Tuesday, May 30, 2017

Shopping for Pleasure & The Art of Necessity

May 30
John Fiske, “Shopping for Pleasure.”
John Jordan, “The Art of Necessity: The Subversive Imagination of Anti-Riot Protest and Reclaim the Streets.”
 In Shopping for Pleasure, Fiske talks about how the mall and shopping is a form of cultural resistance for women, opposed to the masculinity of the non-domestic spaces in the U.S. The author talks about various slogans of female consumption, like “a women’s place is in the mall” and various other saying that treat shopping and the mall as a religious space for women. Fiske talks about how the mall is a place that caters to women and offers freedom from domestic constraints. I do agree that the power women have as consumers is liberating in that women control markets by being the primary consumers of households; however, the author doesn’t spend that much time talking about the source of income that the liberation and power to consume is coming from.

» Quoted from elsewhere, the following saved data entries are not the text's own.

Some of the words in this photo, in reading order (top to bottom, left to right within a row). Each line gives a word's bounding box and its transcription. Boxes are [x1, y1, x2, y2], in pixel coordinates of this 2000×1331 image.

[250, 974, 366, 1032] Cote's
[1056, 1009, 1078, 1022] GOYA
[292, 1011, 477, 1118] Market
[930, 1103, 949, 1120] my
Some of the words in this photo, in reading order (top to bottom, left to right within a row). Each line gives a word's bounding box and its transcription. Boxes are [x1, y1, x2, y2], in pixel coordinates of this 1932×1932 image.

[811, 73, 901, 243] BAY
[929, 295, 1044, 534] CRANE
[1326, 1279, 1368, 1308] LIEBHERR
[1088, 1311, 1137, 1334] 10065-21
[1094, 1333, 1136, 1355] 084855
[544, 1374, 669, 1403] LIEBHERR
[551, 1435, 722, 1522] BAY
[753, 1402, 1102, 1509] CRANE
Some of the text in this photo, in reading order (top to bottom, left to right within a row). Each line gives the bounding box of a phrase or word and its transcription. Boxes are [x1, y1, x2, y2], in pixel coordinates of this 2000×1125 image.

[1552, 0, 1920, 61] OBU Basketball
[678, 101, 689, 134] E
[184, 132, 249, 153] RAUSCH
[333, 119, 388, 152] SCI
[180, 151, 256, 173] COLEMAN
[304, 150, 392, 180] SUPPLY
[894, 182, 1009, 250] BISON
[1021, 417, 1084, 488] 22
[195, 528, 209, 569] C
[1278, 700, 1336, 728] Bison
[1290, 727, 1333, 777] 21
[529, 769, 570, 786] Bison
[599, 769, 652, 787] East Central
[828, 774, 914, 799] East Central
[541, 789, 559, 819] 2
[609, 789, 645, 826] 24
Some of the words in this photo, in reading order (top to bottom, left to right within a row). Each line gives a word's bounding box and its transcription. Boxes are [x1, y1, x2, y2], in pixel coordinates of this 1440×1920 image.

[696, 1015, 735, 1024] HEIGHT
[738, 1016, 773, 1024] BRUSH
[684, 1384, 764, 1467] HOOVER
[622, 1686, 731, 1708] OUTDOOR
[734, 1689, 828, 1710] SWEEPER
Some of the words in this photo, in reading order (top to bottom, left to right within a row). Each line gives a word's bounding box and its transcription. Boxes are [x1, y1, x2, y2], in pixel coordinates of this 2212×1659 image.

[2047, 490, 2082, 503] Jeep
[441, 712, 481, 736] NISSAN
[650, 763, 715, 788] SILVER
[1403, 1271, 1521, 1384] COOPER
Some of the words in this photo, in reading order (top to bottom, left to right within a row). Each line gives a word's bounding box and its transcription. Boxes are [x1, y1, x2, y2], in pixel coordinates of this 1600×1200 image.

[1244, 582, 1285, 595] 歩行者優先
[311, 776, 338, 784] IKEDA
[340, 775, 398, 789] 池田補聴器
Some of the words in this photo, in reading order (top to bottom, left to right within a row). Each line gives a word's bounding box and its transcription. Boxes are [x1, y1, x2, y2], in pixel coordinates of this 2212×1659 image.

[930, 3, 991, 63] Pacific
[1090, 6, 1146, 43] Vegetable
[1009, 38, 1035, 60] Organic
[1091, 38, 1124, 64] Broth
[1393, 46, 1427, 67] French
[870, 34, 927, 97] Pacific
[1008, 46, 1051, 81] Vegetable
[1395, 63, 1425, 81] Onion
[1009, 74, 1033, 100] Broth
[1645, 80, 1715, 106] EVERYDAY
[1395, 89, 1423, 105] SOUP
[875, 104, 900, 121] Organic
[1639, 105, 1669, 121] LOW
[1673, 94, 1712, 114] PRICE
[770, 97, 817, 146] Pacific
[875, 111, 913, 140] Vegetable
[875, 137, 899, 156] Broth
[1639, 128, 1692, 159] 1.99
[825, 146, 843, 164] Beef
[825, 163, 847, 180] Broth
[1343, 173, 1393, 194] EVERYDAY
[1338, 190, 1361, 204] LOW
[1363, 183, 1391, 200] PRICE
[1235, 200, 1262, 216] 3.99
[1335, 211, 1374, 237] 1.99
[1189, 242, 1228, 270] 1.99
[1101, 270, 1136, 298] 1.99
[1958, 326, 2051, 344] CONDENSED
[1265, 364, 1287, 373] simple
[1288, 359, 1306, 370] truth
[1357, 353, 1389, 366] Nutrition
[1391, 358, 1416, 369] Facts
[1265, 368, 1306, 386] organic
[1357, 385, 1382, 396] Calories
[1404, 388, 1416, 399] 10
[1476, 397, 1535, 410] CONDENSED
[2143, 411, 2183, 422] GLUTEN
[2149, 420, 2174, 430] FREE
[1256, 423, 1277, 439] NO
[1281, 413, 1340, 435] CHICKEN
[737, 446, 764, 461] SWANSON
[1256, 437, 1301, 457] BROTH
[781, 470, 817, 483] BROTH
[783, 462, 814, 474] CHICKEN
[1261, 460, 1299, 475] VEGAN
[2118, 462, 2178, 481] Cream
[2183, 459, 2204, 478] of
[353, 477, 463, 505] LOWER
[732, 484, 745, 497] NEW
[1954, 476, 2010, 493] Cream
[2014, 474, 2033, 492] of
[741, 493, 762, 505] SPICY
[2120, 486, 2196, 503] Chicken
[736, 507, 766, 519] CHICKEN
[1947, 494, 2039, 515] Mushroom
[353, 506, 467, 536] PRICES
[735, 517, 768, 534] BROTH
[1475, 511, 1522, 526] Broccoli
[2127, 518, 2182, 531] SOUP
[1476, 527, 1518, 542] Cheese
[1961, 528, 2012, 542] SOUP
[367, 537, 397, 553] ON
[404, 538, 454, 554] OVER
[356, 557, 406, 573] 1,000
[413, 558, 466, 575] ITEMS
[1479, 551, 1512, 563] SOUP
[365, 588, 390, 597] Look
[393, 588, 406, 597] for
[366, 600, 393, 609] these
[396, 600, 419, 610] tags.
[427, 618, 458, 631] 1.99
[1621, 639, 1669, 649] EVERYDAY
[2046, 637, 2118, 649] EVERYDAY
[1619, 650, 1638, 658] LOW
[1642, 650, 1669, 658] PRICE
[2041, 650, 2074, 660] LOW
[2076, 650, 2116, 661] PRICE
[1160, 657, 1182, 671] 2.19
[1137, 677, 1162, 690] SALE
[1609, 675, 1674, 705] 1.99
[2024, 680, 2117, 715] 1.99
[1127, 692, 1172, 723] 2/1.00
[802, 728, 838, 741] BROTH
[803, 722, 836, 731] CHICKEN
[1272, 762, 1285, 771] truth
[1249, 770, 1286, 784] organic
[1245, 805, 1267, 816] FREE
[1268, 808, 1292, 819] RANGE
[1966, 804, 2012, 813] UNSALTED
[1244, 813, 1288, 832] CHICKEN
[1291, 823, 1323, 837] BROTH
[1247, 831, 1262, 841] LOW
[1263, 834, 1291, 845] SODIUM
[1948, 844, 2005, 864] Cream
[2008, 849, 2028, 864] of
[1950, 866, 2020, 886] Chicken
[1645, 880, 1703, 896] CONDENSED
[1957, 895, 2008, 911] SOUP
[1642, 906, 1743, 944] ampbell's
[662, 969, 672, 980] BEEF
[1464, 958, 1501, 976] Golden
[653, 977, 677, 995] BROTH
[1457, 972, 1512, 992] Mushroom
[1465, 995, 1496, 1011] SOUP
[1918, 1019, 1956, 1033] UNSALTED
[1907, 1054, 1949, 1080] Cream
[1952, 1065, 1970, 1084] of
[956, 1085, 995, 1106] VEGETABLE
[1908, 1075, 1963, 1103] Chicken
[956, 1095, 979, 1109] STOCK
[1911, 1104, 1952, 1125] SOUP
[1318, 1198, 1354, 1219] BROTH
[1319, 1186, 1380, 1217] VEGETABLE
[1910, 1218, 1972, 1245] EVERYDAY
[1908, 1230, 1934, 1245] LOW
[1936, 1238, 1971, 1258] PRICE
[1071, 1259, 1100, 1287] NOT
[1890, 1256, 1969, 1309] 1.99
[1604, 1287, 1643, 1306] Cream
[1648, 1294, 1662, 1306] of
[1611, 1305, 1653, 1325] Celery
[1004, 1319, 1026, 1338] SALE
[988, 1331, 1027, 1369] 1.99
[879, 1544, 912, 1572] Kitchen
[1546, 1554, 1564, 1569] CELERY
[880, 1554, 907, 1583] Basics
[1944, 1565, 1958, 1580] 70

In The Art of Necessity, John Jordan talks about the anti-road protests of residents who would be displaced by a massive road project in London. The protests formed unconventional road protests that utilized art as the main source of power and political agenda. I think this article is one of the first in the class to display full acts of resistance, rather than everyday acts of resistance. Art has always been deeply tied to its own place in history and social movements, and I think it’s great that this was actually discussed because contemporary art is really given less attention and thought to have less meaning in popular culture then traditional politics.